HW3: Rosenbrock's Racers !!!

Implement naive deterministic gradient descent of Rosenbrock's function

 R(x,y) = 100 (y-x^2)^2 + (1-x)^2

The race course starts at (-1, 1.5) and ends at an epsilon ball around
the minimum at (1, 1), epsilon=0.01.  Time measured in function
(gradient) evaluations.

Represent R(x,y) as a feedforward network with the simplest nonlinear
elements you can find.  Use "backprop" to derive the gradient upon
this structure, rather than the usual calculus.  (Show your work.)
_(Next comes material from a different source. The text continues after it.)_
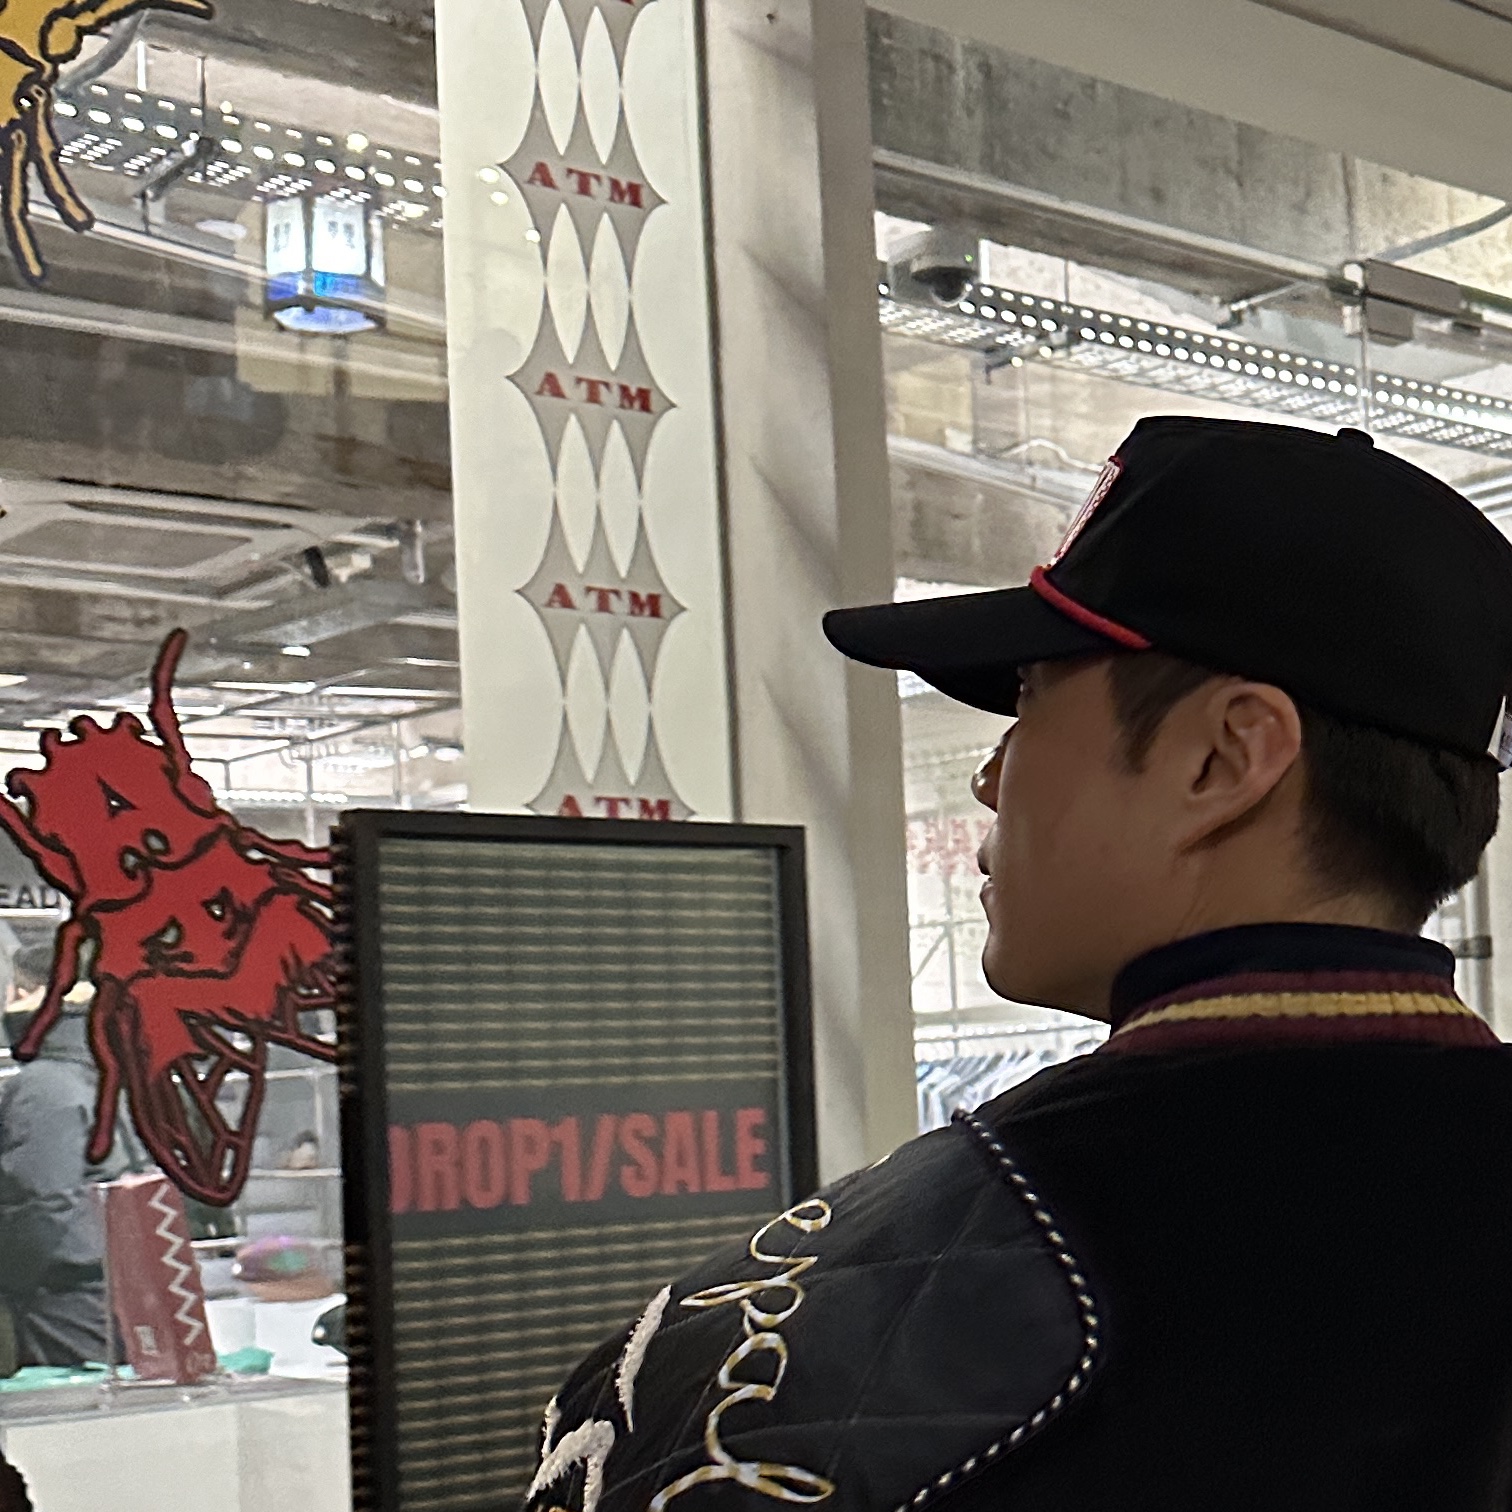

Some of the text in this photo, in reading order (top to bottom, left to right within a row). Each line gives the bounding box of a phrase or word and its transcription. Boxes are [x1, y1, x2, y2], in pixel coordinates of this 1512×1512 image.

[527, 161, 644, 208] ATM
[536, 370, 654, 413] ATM
[545, 582, 663, 619] ATM
[557, 794, 671, 821] ATM
Get some practice "hand piloting" the system by modifying the learning
parameters (learning rate eta and momentum parameter alpha) manually
as it progresses.

Hint: feedback parameters I like are gradient magnitude, gradient
magnitude ratio (this vs last), cos gradient angle (this vs last), cos
step angle, cos step vs gradient angle.

Which feedback parameters were useful?

Try to encode the skills you developed in an "autopilot".

How fast does your autopilot run the course?
Is it robust, eg to changing the "100" in the definition of R(x,y) ?

Extra Credit: add a little noise to the gradient your system
measures.  Does it mess things up?  How does it affect speed?